- [Task brief] Write out the entries exactly, leaving out every picture.

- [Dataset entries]
------------------------------

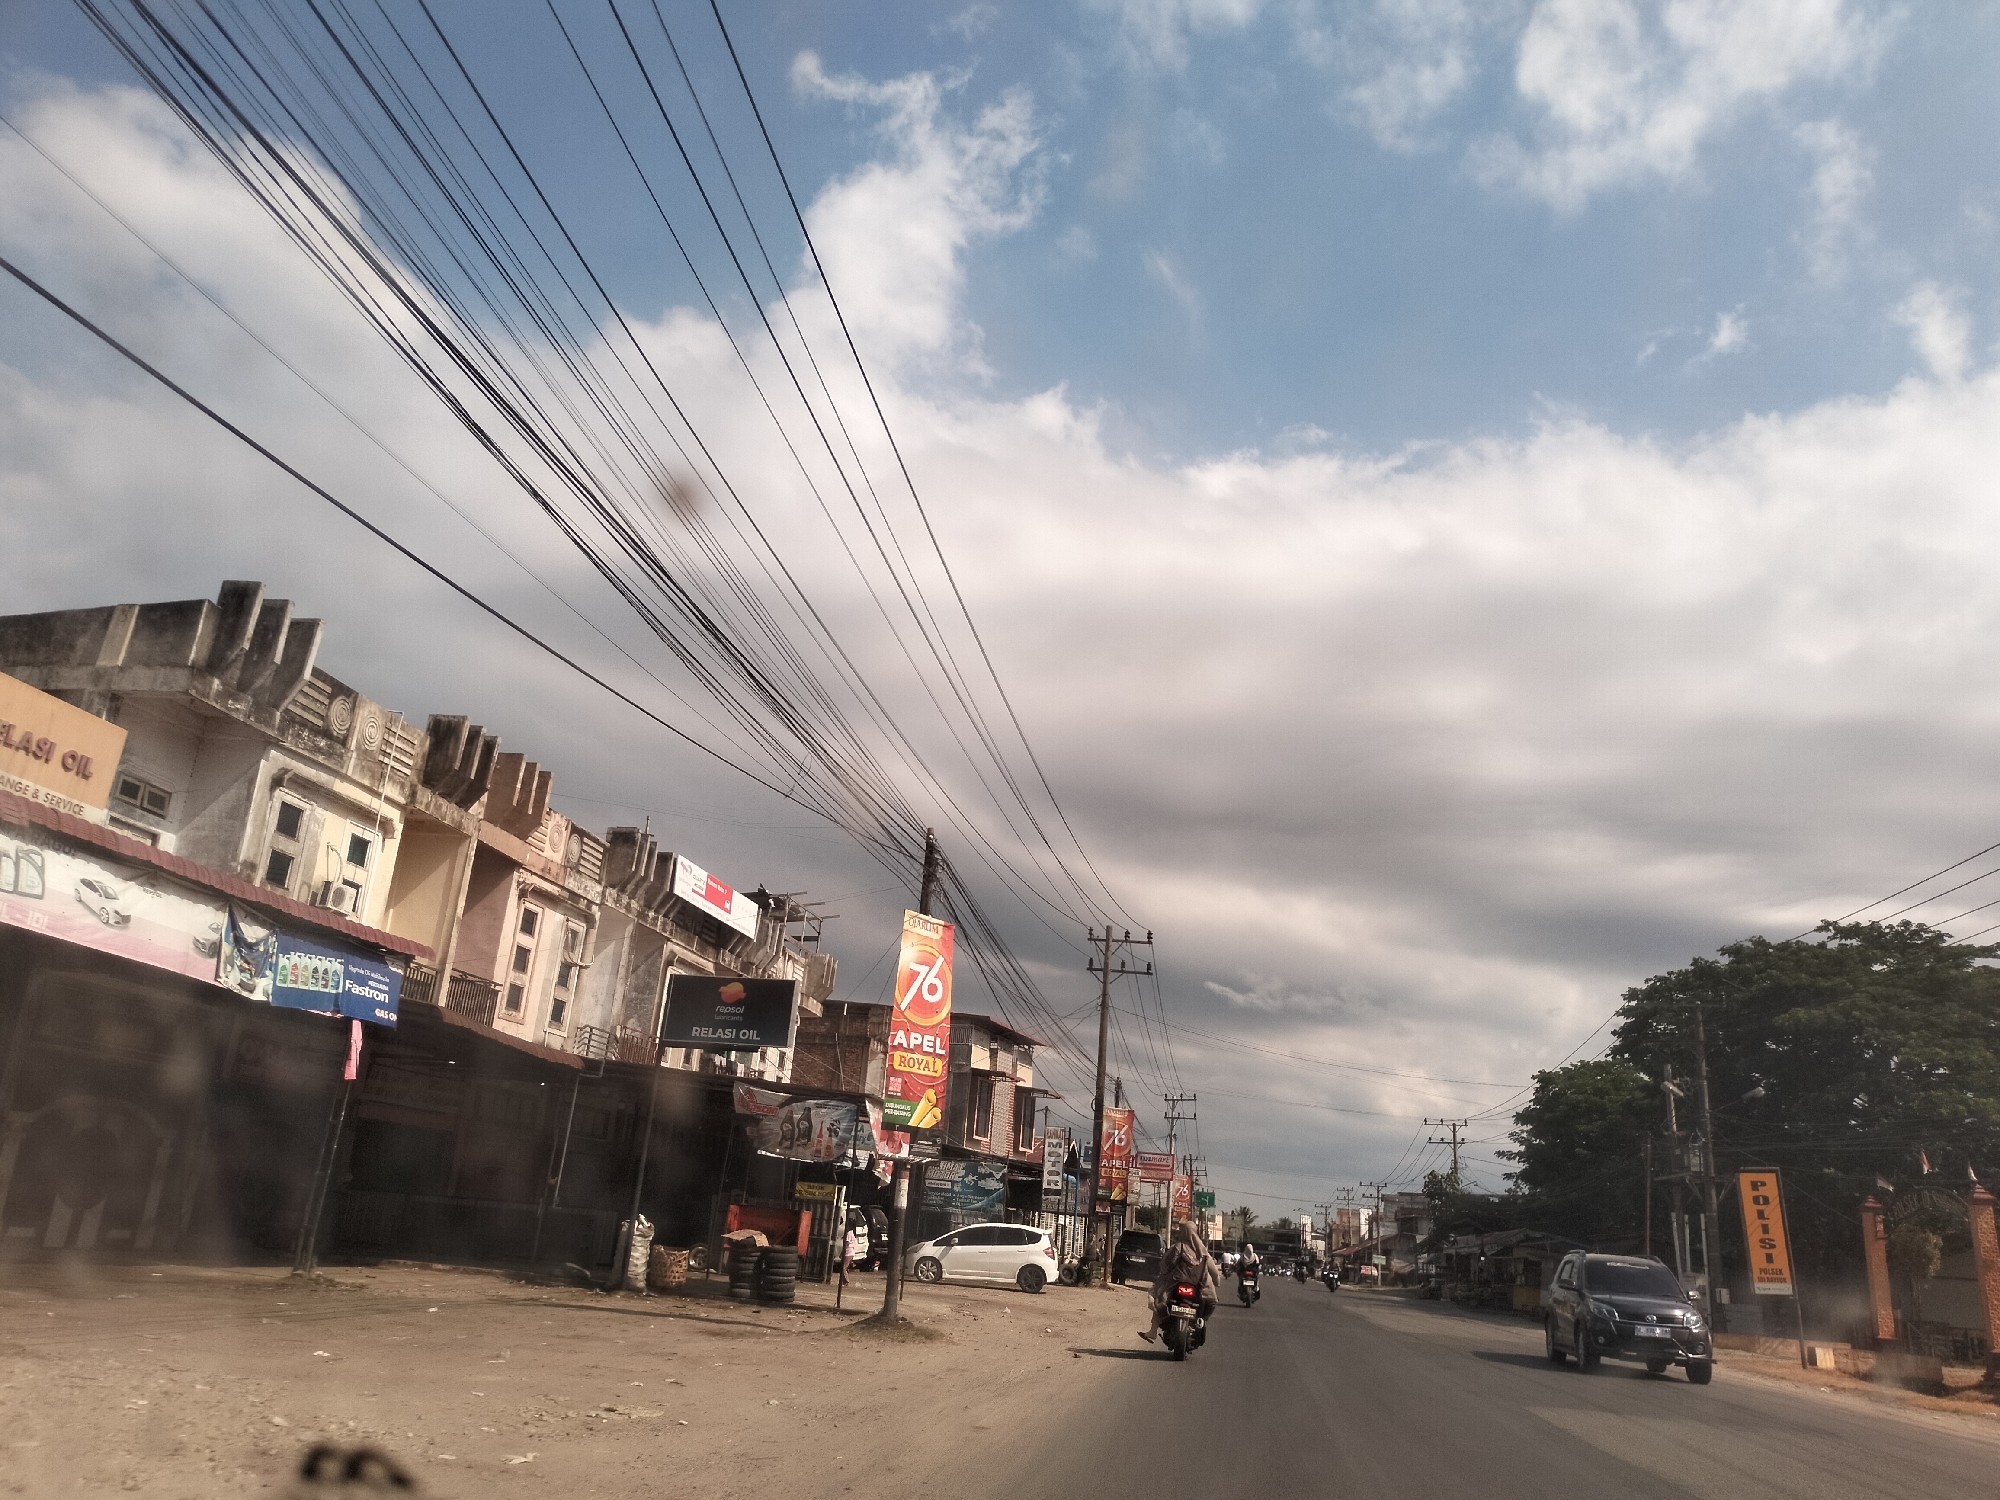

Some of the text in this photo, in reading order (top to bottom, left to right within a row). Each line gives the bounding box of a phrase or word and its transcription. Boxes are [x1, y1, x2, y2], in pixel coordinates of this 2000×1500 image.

[61, 750, 93, 781] OIL
[32, 788, 39, 800] &
[43, 792, 85, 816] SERVICE
[345, 979, 389, 1004] Fastron
[900, 954, 945, 1012] 76
[375, 1008, 389, 1021] GAS
[715, 1005, 745, 1014] repsol
[691, 1026, 761, 1041] RELASI OIL
[893, 1029, 946, 1055] APEL
[898, 1054, 939, 1073] ROYAL
[1103, 1124, 1129, 1151] 76
[1046, 1141, 1062, 1187] MOTOR
[1101, 1158, 1128, 1169] APEL
[1175, 1184, 1189, 1198] 76
[1750, 1180, 1777, 1264] POLISI
[1759, 1267, 1784, 1276] POLSEK
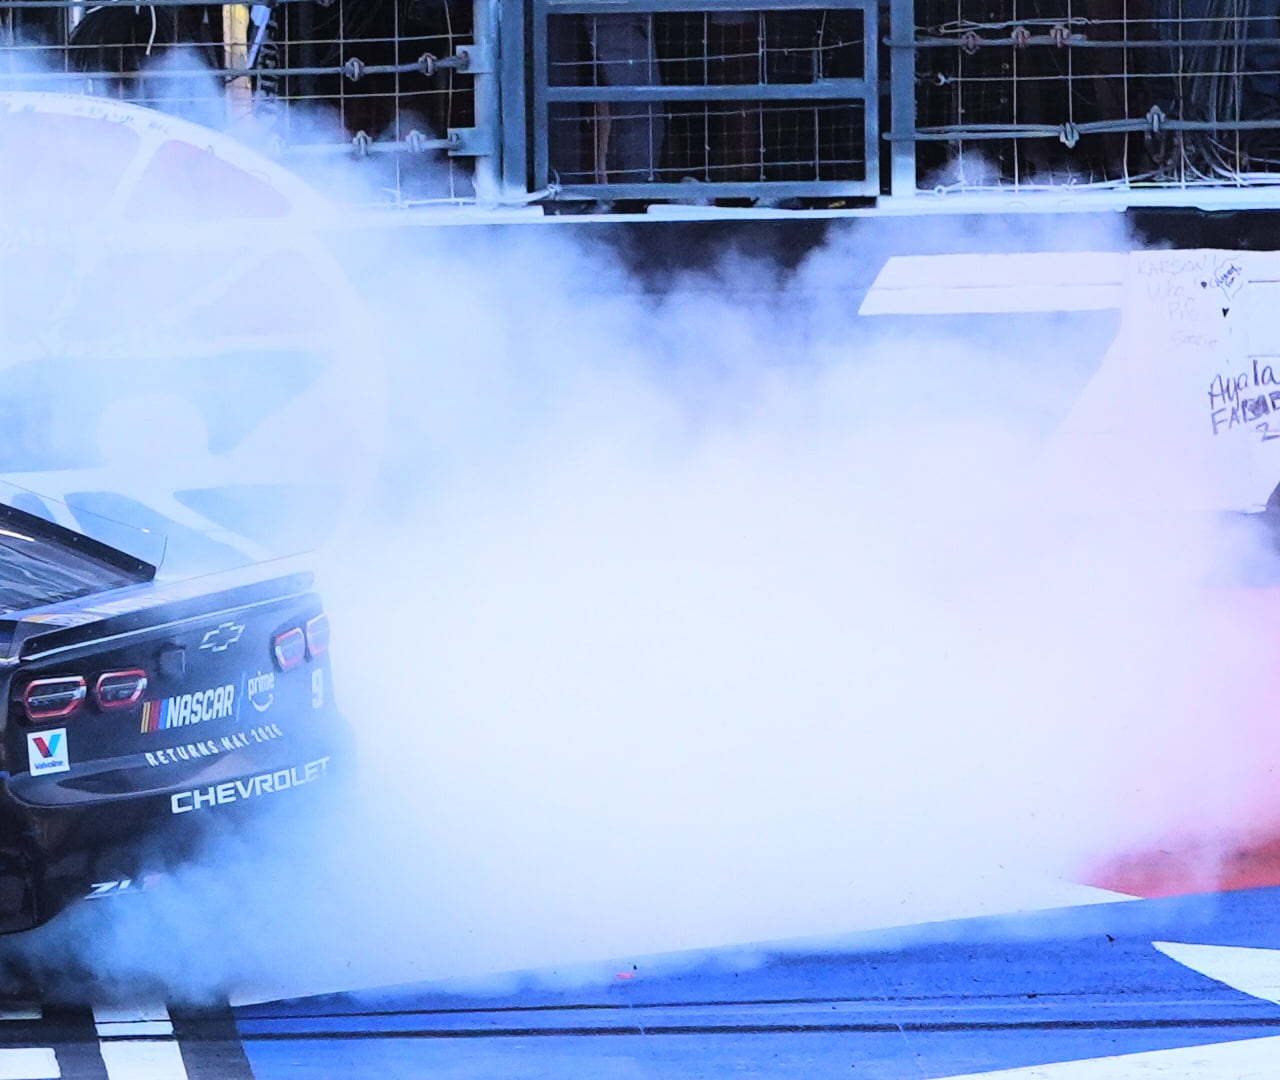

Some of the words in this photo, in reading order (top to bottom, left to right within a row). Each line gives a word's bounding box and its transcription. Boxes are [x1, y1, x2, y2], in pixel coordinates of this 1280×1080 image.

[165, 684, 235, 729] NASCAR
[247, 669, 275, 700] prime
[310, 668, 324, 709] 9
[144, 739, 220, 768] RETURNS
[221, 732, 251, 752] MAY
[249, 723, 284, 744] 2026
[170, 756, 331, 815] CHEVROLET
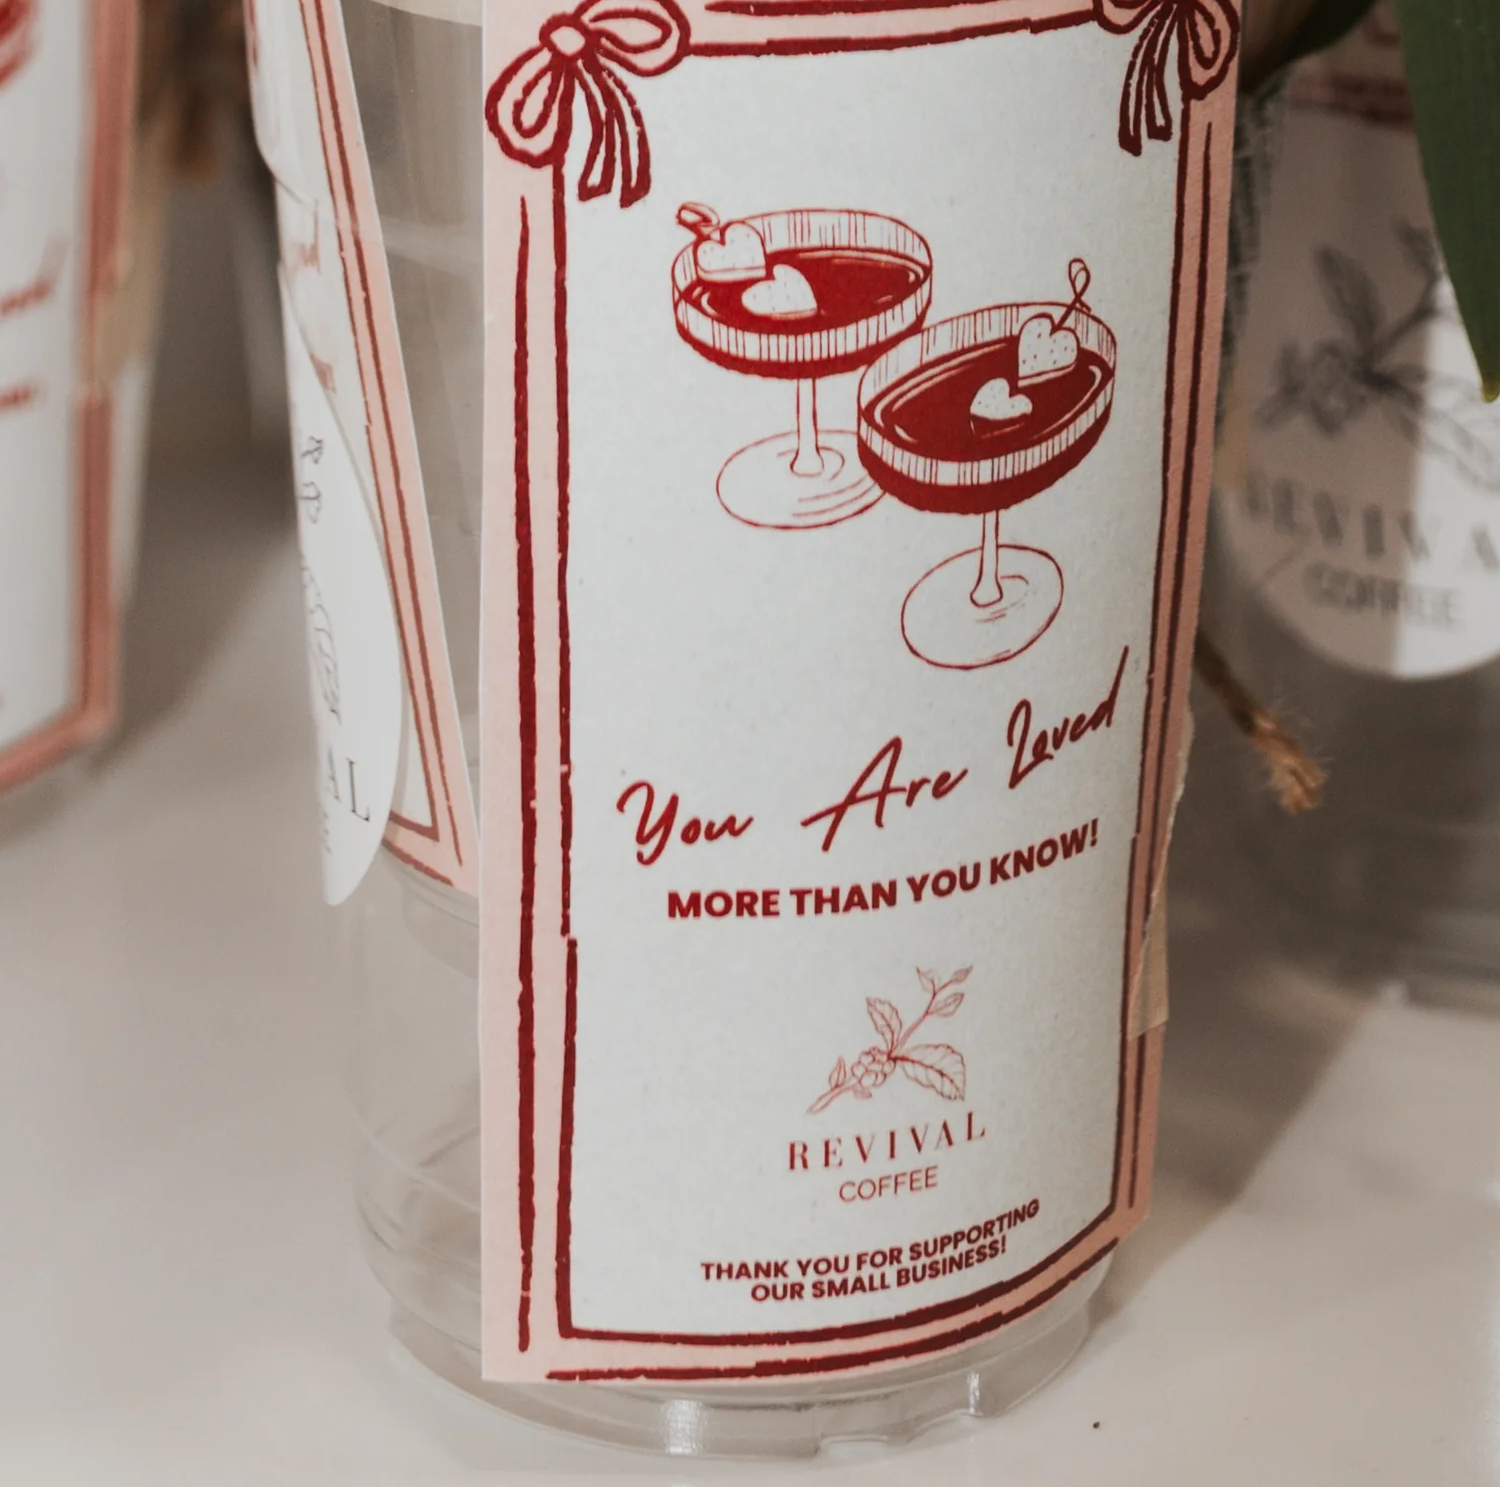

------------------------------

- [Written response]
Some of the text in this photo, in reading order (top to bottom, left to right within a row). Each line gives the bounding box of a phrase or word and its transcription. Boxes are [x1, y1, x2, y2], in pixel coordinates of this 2000×1500 image.

[61, 750, 93, 781] OIL
[32, 788, 39, 800] &
[43, 792, 85, 816] SERVICE
[345, 979, 389, 1004] Fastron
[900, 954, 945, 1012] 76
[375, 1008, 389, 1021] GAS
[715, 1005, 745, 1014] repsol
[691, 1026, 761, 1041] RELASI OIL
[893, 1029, 946, 1055] APEL
[898, 1054, 939, 1073] ROYAL
[1103, 1124, 1129, 1151] 76
[1046, 1141, 1062, 1187] MOTOR
[1101, 1158, 1128, 1169] APEL
[1175, 1184, 1189, 1198] 76
[1750, 1180, 1777, 1264] POLISI
[1759, 1267, 1784, 1276] POLSEK

Some of the words in this photo, in reading order (top to bottom, left to right within a row). Each line gives a word's bounding box and its transcription. Boxes are [x1, y1, x2, y2], in pixel coordinates of this 1280×1080 image.

[165, 684, 235, 729] NASCAR
[247, 669, 275, 700] prime
[310, 668, 324, 709] 9
[144, 739, 220, 768] RETURNS
[221, 732, 251, 752] MAY
[249, 723, 284, 744] 2026
[170, 756, 331, 815] CHEVROLET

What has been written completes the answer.